I guess I'm not following, you said if you wanted a larger group you would shoot 2-round groups 5 days in a row, presumeably to avoid a hot barrel? If it's not to avoid a hot barrel, then why would you not simply shoot one group and be done?
As far as needing a larger group size, that topic has been beat into multiple-dead-horse submission, here and elsewhere. Are you saying your 3-round group center is identical to your 10-round group center, or are you saying the variation is irrelevant given the size of the targets and the ranges at which you hunt?

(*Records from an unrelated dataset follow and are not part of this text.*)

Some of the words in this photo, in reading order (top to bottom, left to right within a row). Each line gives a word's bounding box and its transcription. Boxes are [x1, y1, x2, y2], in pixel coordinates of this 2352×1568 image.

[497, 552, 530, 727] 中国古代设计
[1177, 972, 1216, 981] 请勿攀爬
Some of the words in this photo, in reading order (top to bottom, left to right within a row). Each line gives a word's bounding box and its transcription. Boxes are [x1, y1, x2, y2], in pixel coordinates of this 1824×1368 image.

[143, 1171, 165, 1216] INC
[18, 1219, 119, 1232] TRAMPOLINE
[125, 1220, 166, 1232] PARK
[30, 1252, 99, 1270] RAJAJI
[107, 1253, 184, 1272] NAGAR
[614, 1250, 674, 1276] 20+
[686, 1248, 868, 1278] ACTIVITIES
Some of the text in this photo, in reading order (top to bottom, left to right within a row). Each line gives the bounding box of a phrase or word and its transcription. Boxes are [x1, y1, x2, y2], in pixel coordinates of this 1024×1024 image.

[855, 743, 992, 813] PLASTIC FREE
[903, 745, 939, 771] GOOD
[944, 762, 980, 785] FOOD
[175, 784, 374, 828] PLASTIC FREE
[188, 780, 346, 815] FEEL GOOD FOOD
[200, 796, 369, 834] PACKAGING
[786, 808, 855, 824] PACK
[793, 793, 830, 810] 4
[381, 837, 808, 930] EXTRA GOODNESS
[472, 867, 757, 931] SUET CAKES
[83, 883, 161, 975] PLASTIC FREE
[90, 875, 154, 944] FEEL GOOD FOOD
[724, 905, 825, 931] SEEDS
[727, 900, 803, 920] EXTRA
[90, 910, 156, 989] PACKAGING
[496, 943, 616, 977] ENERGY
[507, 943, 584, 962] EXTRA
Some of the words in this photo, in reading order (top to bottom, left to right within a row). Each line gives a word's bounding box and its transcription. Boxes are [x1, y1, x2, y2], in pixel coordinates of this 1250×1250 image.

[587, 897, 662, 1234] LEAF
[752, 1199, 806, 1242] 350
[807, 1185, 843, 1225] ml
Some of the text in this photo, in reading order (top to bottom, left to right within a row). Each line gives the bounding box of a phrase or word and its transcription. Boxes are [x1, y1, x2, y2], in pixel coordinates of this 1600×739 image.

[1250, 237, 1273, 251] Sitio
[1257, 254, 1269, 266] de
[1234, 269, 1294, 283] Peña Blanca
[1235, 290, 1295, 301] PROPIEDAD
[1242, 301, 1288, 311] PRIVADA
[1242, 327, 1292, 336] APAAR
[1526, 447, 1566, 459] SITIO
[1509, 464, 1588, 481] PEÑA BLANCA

It's perhaps not relevant for most of my personal hunting since I rarely shoot critters past pretty darn close range, but I'm not sure how one could say its not relevant for "big game hunting" writ large? A 3-round zero that happens to land near one side of the cone of fire can still very realistically be 1/2" off from true center...1/2" off=3" of built-in error at 600 yards. Even in a 1moa gun that much error puts a solid % of even your perfectly placed shots completely off a deer-vital-size target, even before you start accounting for other factors. Given the existence of hunting at long range, that magnitude of easily-correctible error seems relevant. Even eliminating the shots outside the core of this group, there are plenty of 3-round groups that could randomly fall together that would put your zero significantly off from the actual average center. If so, how do you suggest people make certain that their 3-round zero isnt shots # 4, 5 and 21, which appear to be a full inch from true group center? (Or 1, 2, 3. Or 7, 8, 9. Or 17, 18, 19. etc). Do you see it differently?